> **Instructions to follow**:
Please copy the records exactly as they appear, with all pictures left out.

───

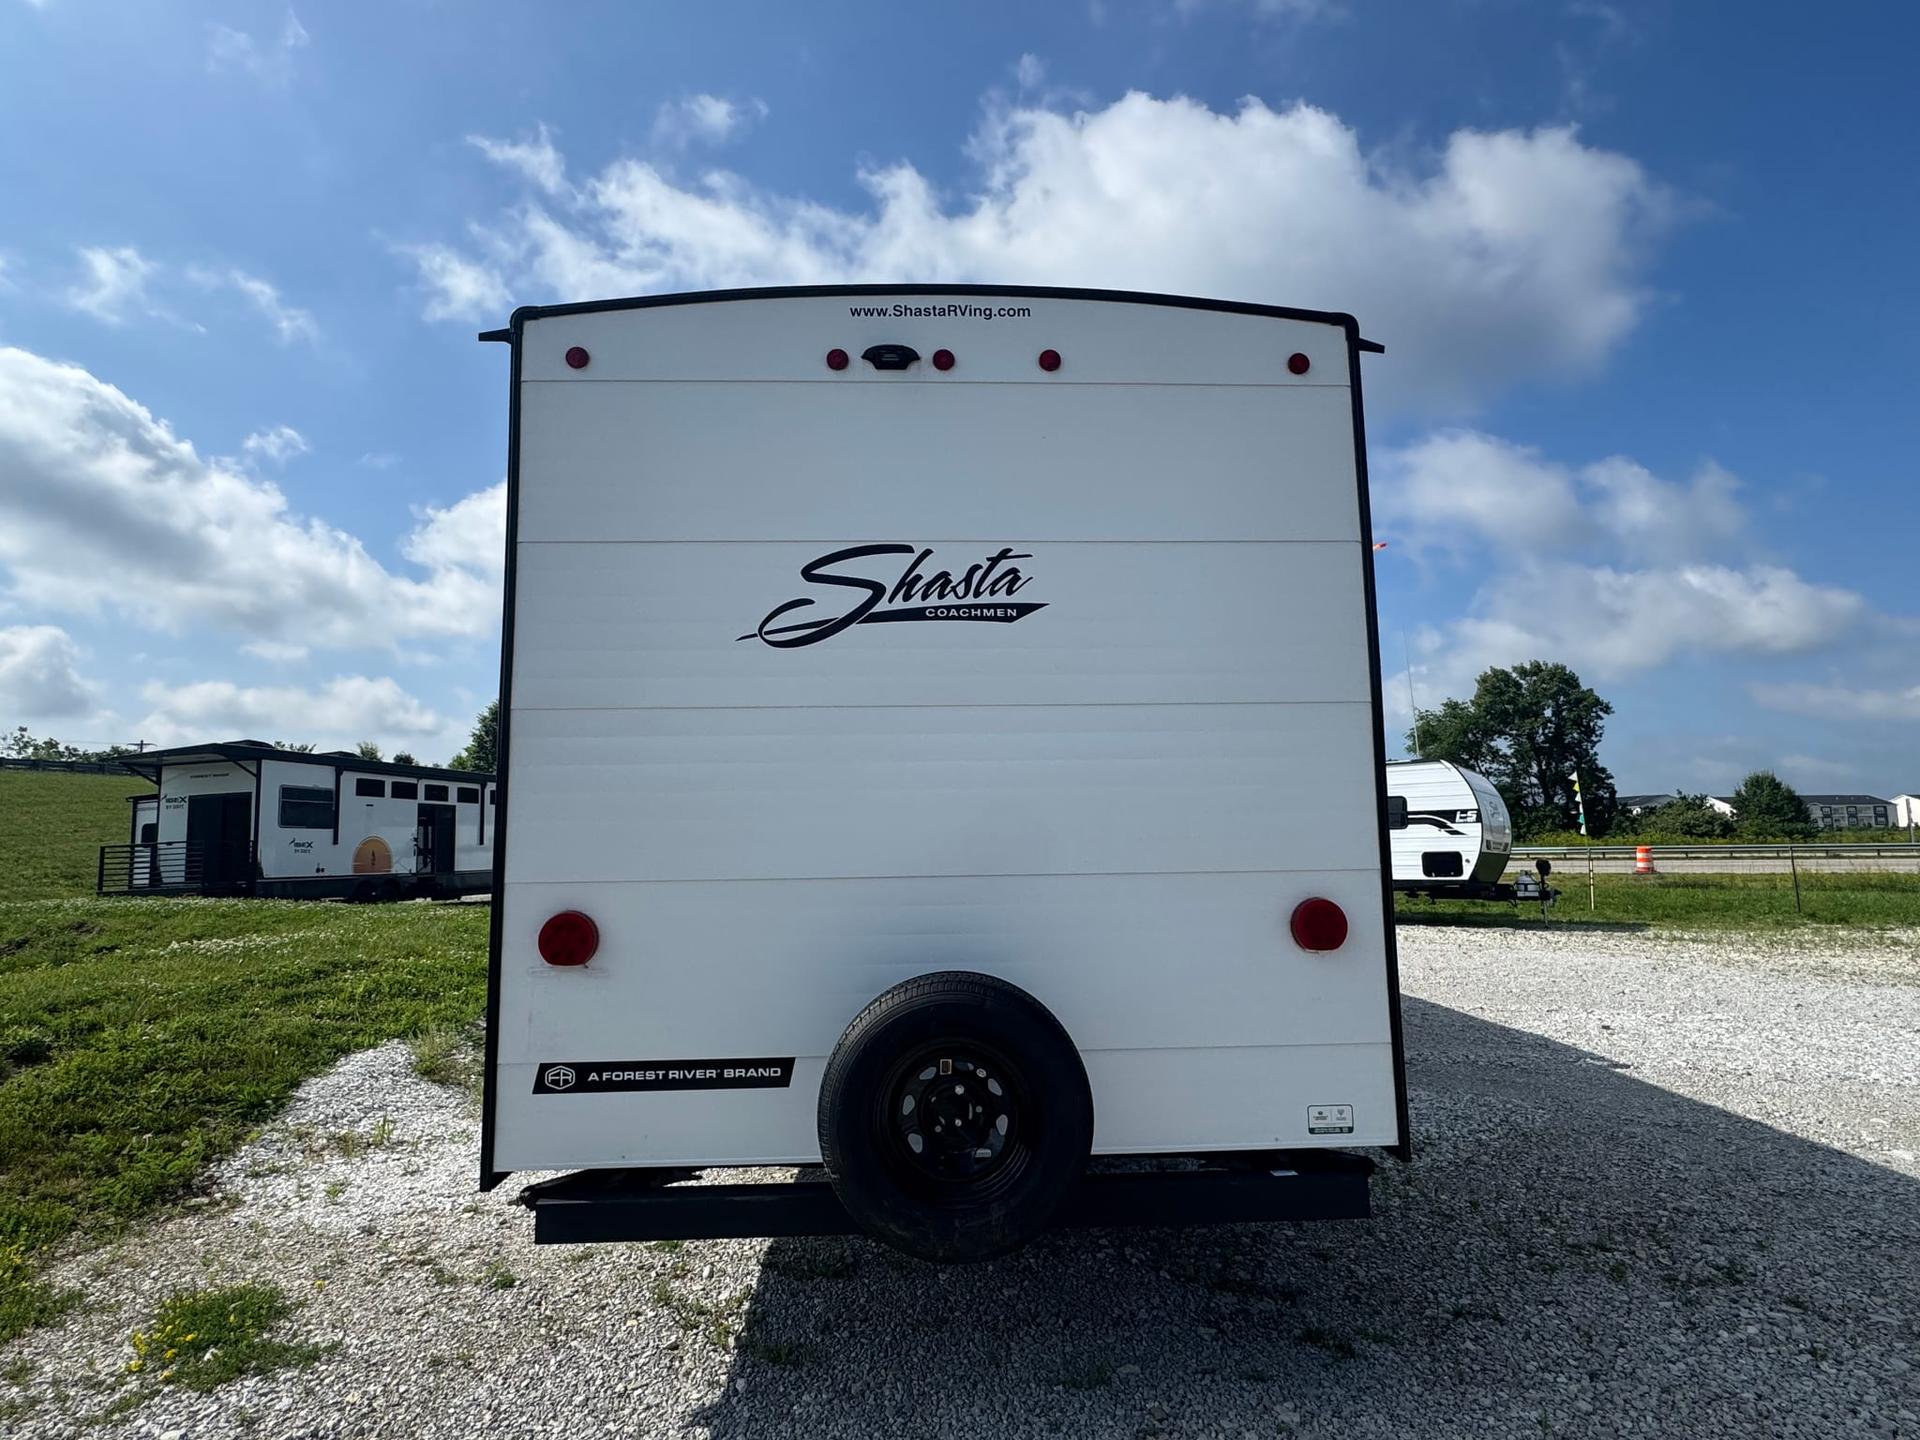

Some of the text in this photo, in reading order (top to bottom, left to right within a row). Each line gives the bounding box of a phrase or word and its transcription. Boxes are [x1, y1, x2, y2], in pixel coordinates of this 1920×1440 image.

[850, 304, 1031, 320] www.ShastaRVing.com
[750, 543, 1034, 649] Shasta
[925, 607, 1018, 618] COACHMEN
[587, 1072, 600, 1082] A
[602, 1070, 666, 1081] FOREST
[723, 1067, 782, 1077] BRAND
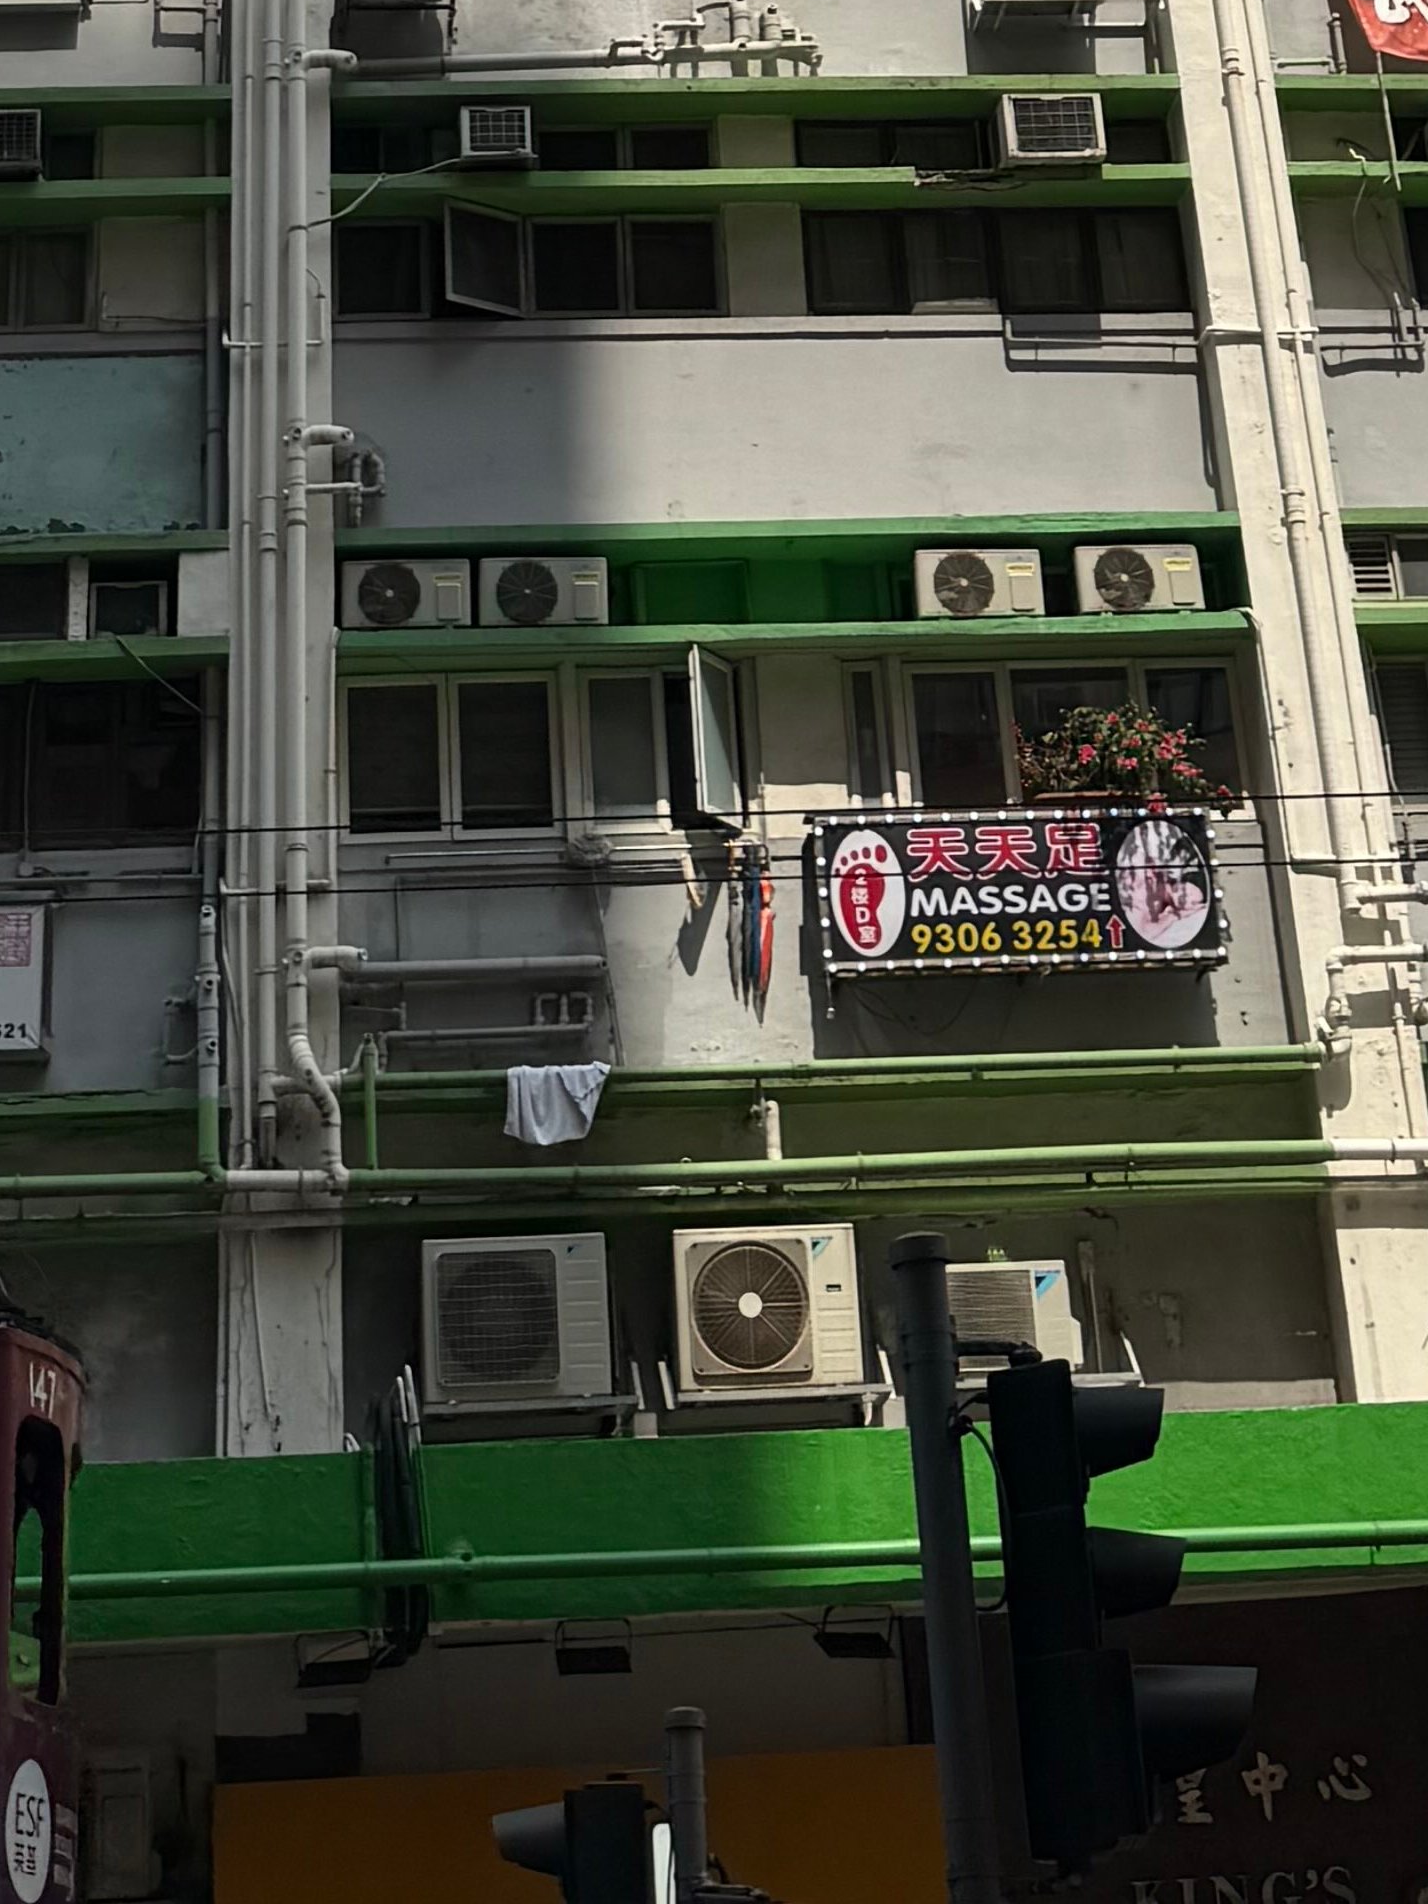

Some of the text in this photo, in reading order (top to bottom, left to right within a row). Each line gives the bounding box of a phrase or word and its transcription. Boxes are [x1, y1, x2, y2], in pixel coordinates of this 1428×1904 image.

[906, 822, 1109, 882] 天天足
[910, 882, 1112, 918] MASSAGE
[910, 918, 1104, 954] 9306 3254
[15, 1793, 46, 1838] ESF
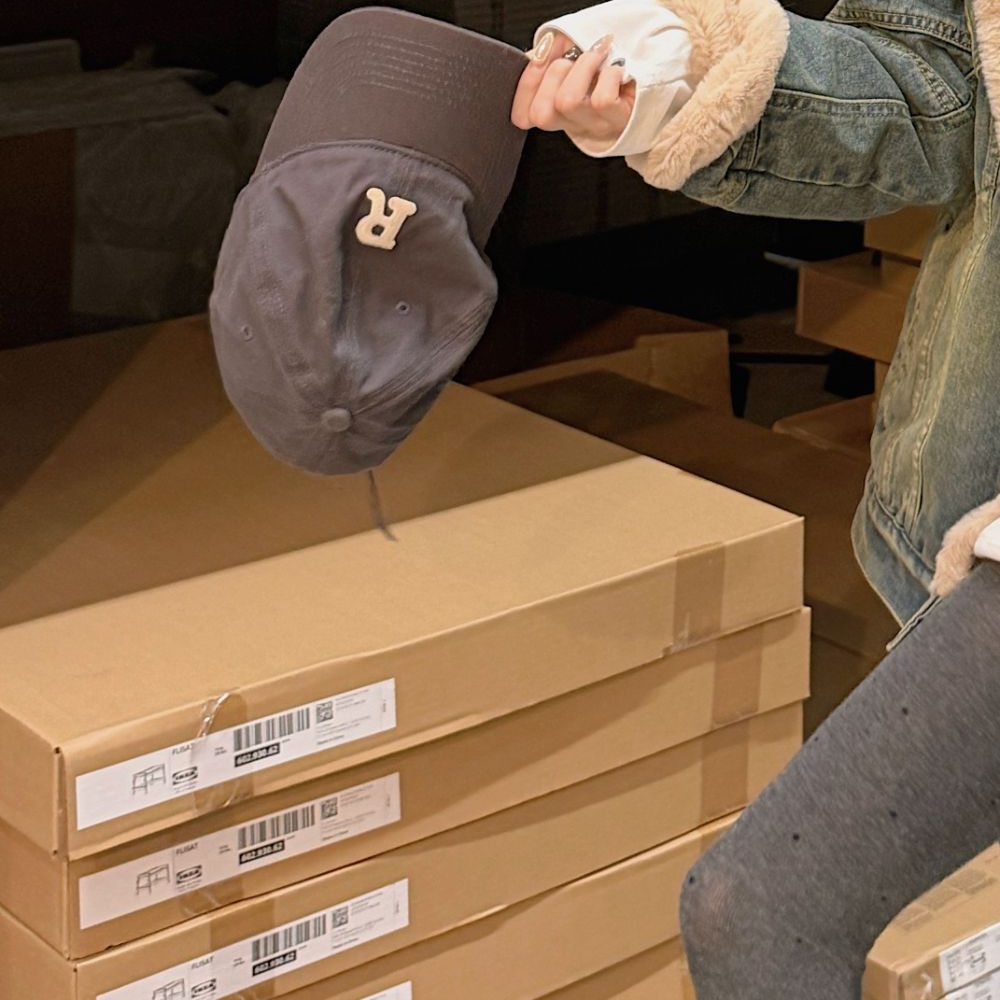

───

> **Exercise solution**:
Some of the text in this photo, in reading order (top to bottom, left to right within a row). Each line gives the bounding box of a phrase or word and its transcription. Boxes are [x1, y1, x2, y2], in pixel coordinates of this 1920×1440 image.

[850, 304, 1031, 320] www.ShastaRVing.com
[750, 543, 1034, 649] Shasta
[925, 607, 1018, 618] COACHMEN
[587, 1072, 600, 1082] A
[602, 1070, 666, 1081] FOREST
[723, 1067, 782, 1077] BRAND

Some of the text in this photo, in reading order (top to bottom, left to right within a row). Each line gives the bounding box of a phrase or word and its transcription. Boxes are [x1, y1, x2, y2], in pixel coordinates of this 1428×1904 image.

[906, 822, 1109, 882] 天天足
[910, 882, 1112, 918] MASSAGE
[910, 918, 1104, 954] 9306 3254
[15, 1793, 46, 1838] ESF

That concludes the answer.